In the end, cities such as Manaus, Cuiabá, Natal and Brasília, places with little to no local soccer culture, were awarded World Cup matches and brand-new stadiums, while proper soccer cities such as Florianópolis, Belém and Goiânia missed out.

The choice of Manaus as one of the host cities was particularly controversial. In an effort to have the tournament spread out across Brazil’s five main regions, one of the World Cup venues was to be in the country’s north region. This means it was between Manaus – in the middle of the Amazon Rainforest, with no suitable stadium and zero local soccer culture – and Belém, the capital of the state of Pará and one of the most vibrant soccer cities outside of the south and southeast, with a massive stadium and two very well-supported clubs, Paysandu and Remo, to fill it once the tournament was over.

During the technical evaluation of the potential host cities, Belém was judged to have the third-best candidacy of all competing cities, only falling behind São Paulo and Rio de Janeiro. However, at the end of the day, the organizing committee chose Manaus. Obviously, this had nothing to do with wanting to improve relations with Eduardo Braga, senator and former governor of Amazonas state. Also highly suspicious is the fact F.I.F.A. sponsors Sony and Coca-Cola have huge factories in Manaus.

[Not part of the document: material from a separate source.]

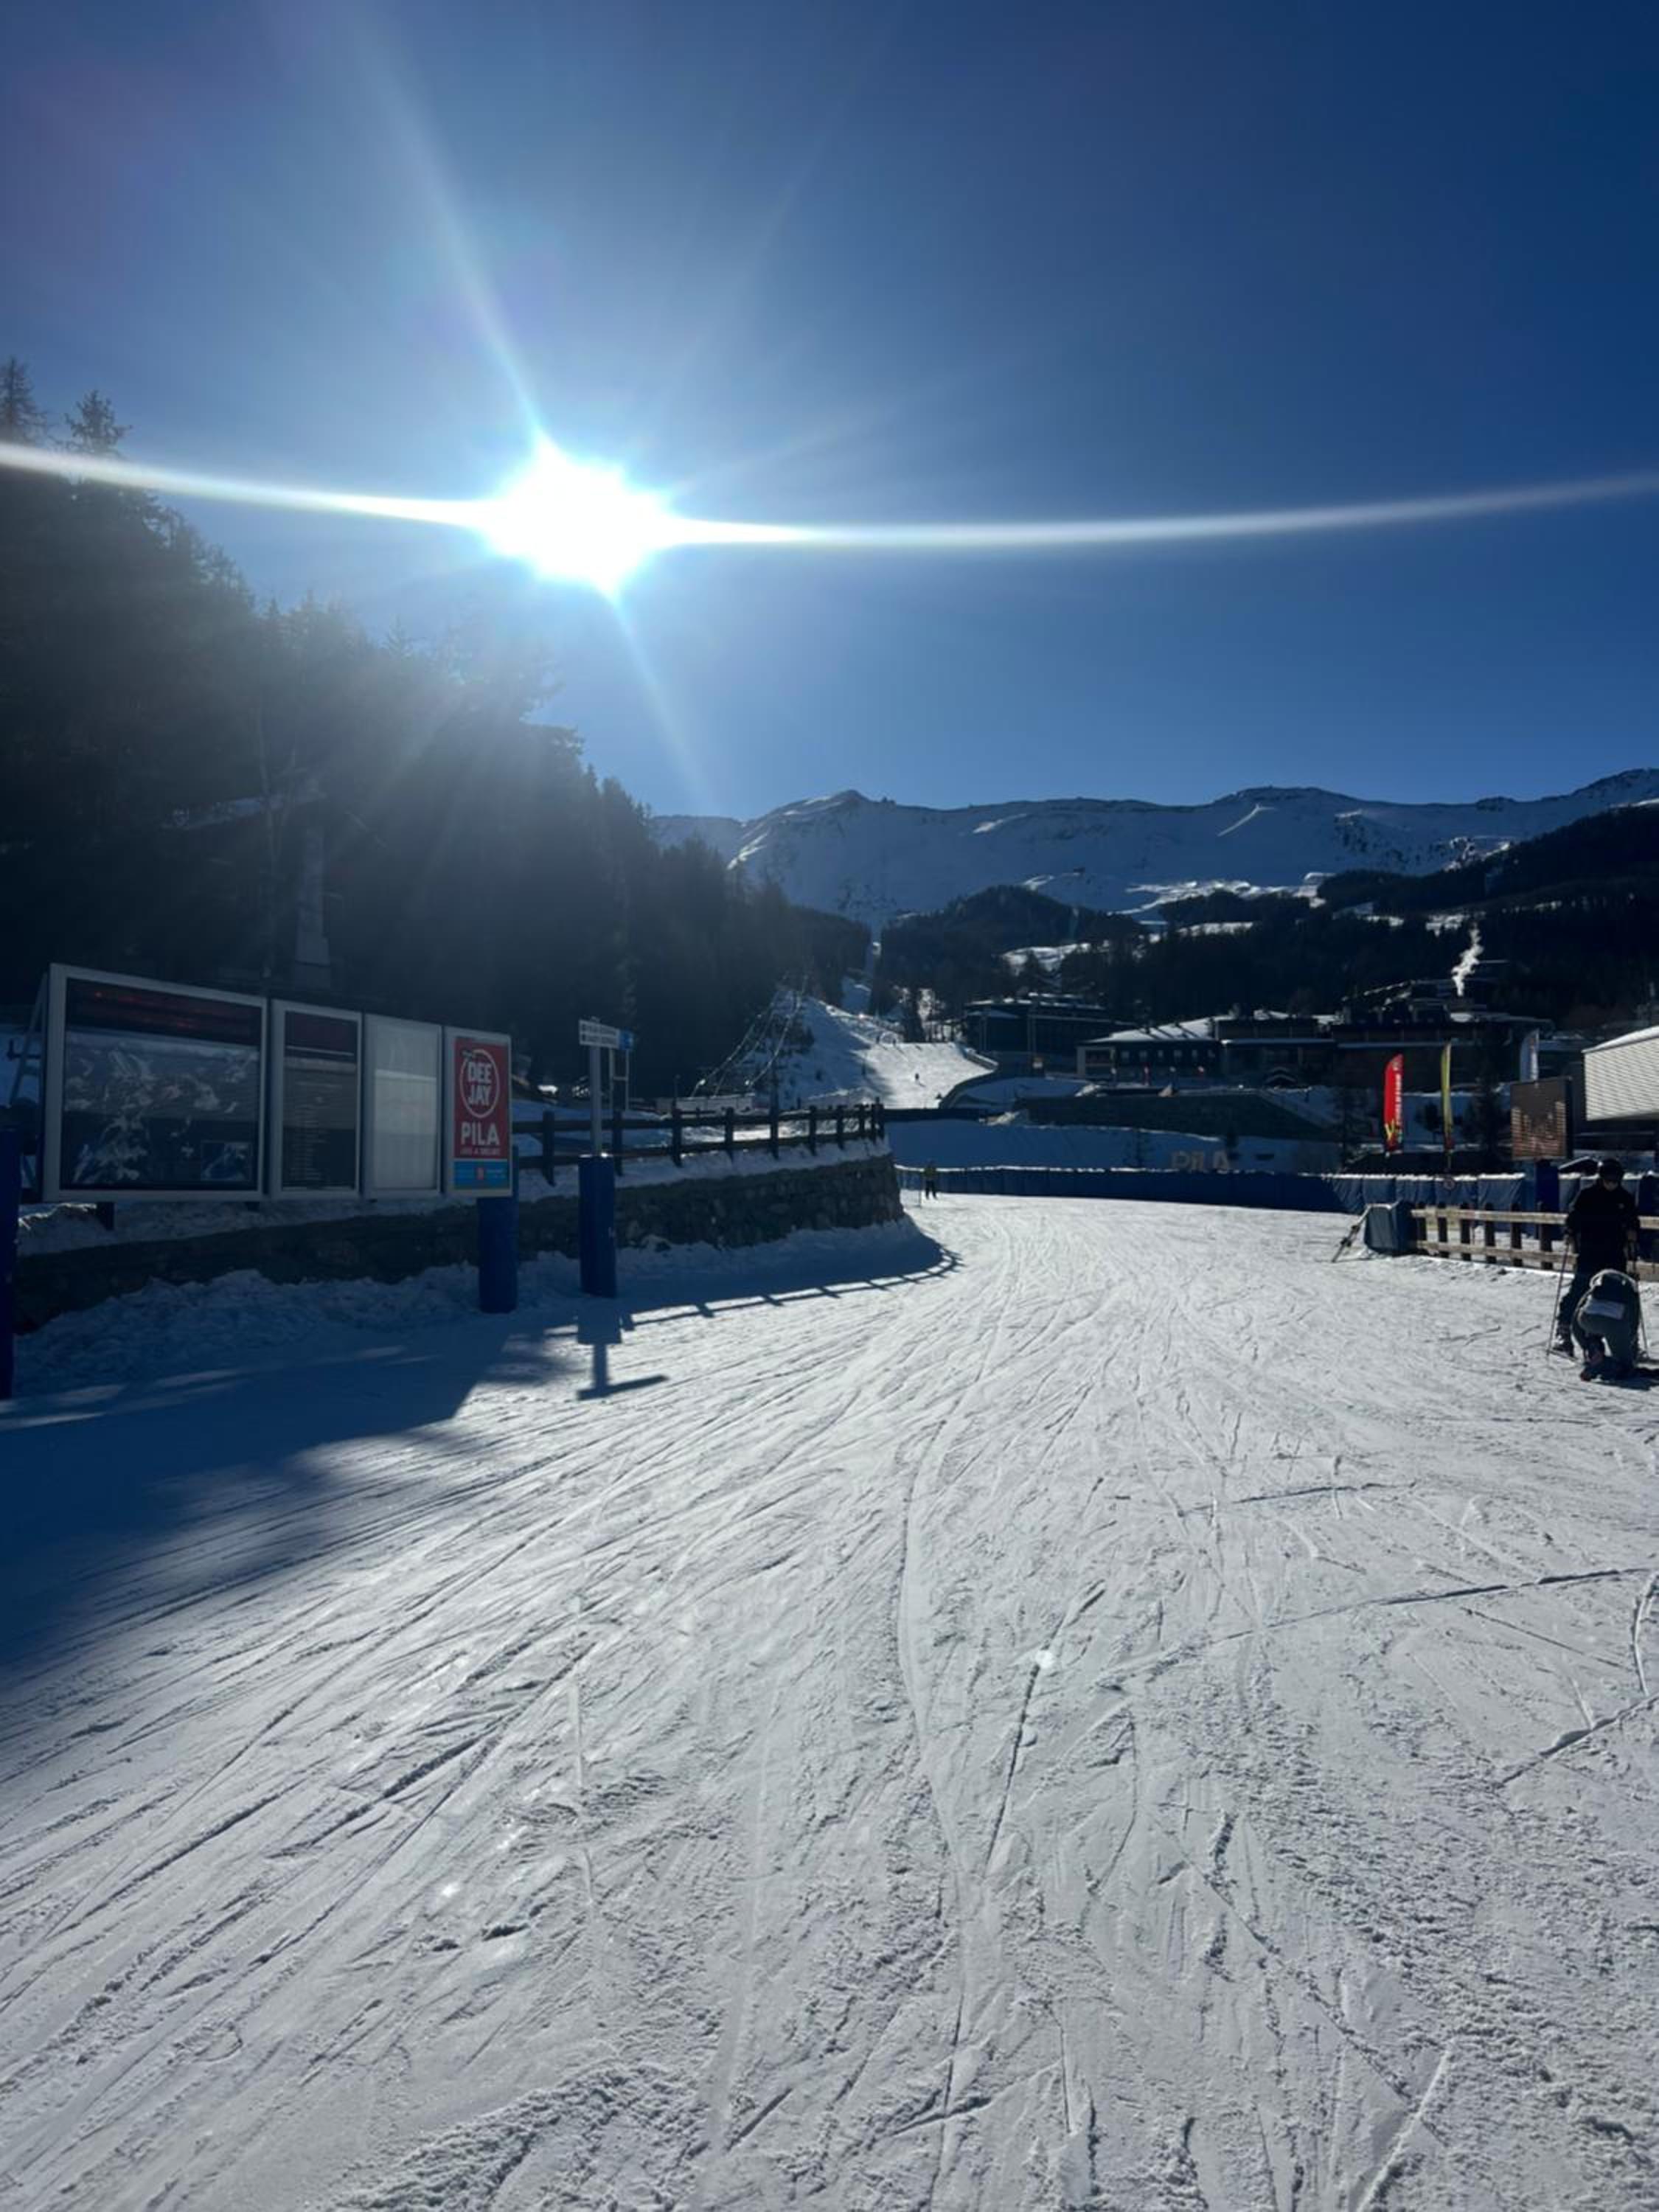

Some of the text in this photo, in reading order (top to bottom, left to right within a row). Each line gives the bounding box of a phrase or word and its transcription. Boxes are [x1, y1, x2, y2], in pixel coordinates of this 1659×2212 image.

[467, 1060, 493, 1084] DEE
[467, 1084, 492, 1106] JAY
[460, 1121, 501, 1146] PILA
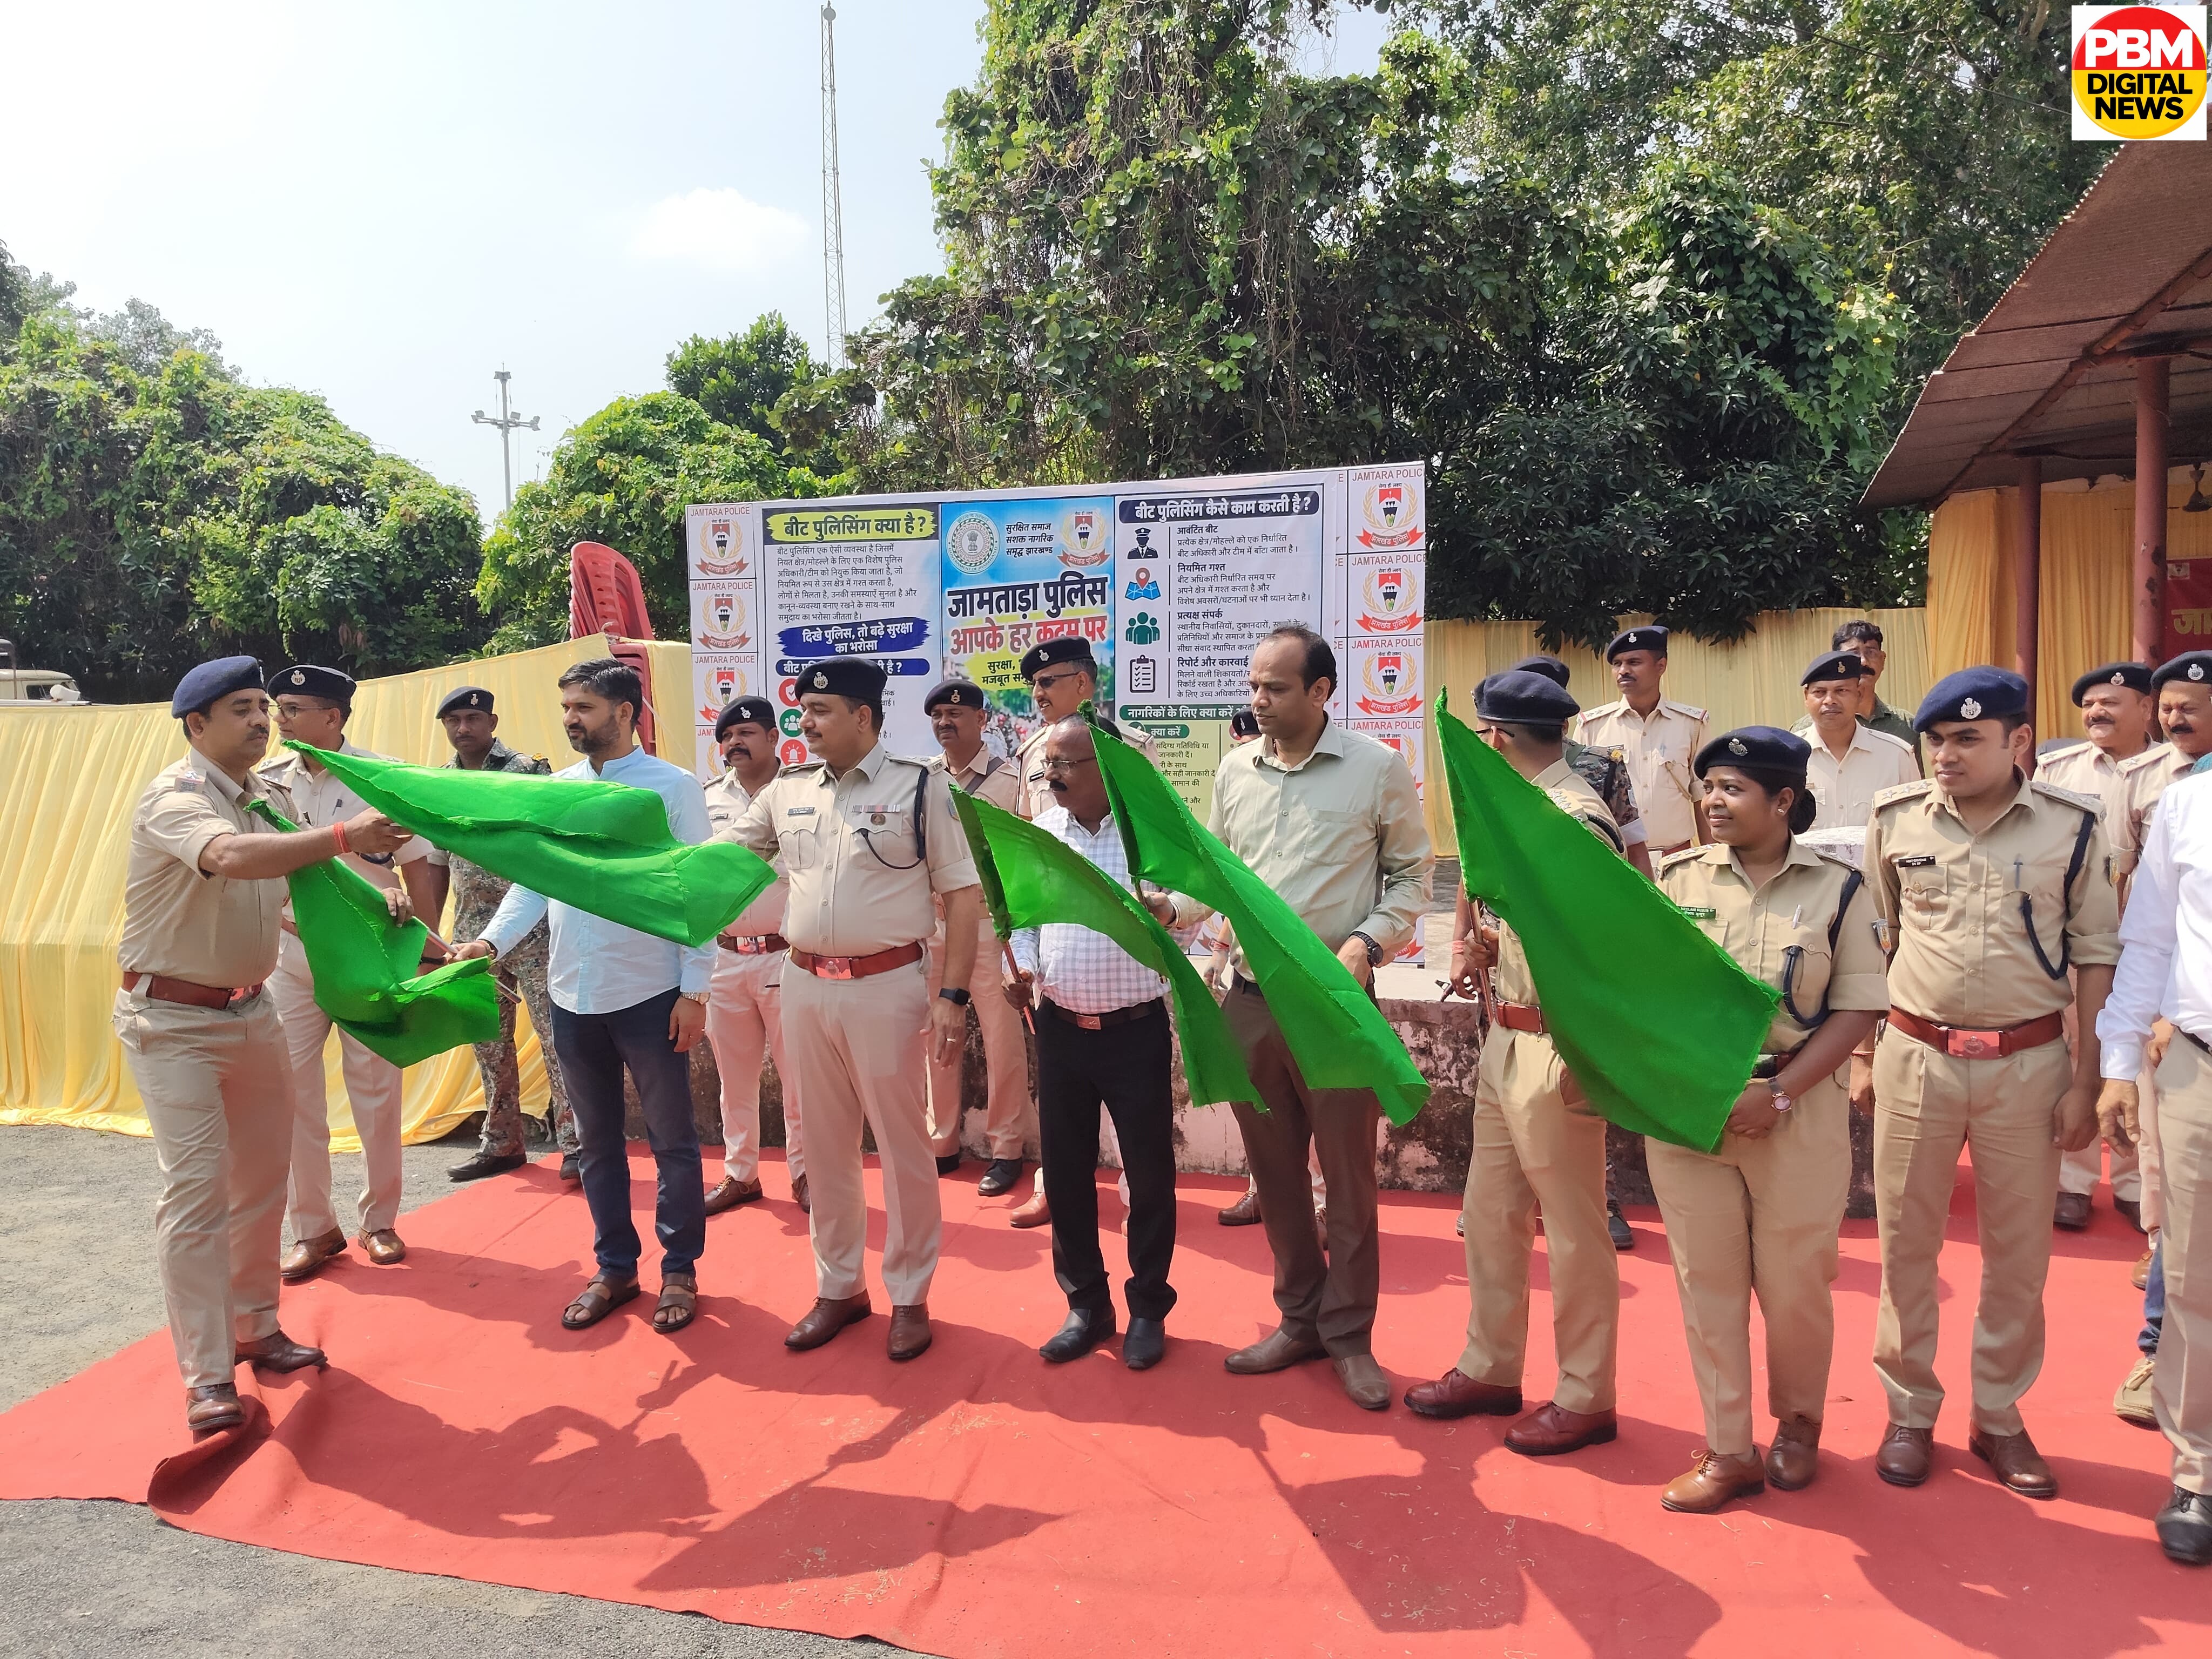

As soon as the World Cup packed up and left, the brand new arenas in Cuiabá, Manaus, Natal and Brasilia went largely unused. In an effort to recuperate losses, the stadium in Cuiabá is now used as a high school, while its car park is used as a garage for the city’s buses.

It is yet to be seen what will happen to these stadiums, and corruption investigations are uncovering new evidence of dodgy dealings and malfeasance every week. One thing is certain, Brazil organized the biggest and most expensive World Cup of all time, and now it’s the Brazilian taxpayers who are being forced to pay the price.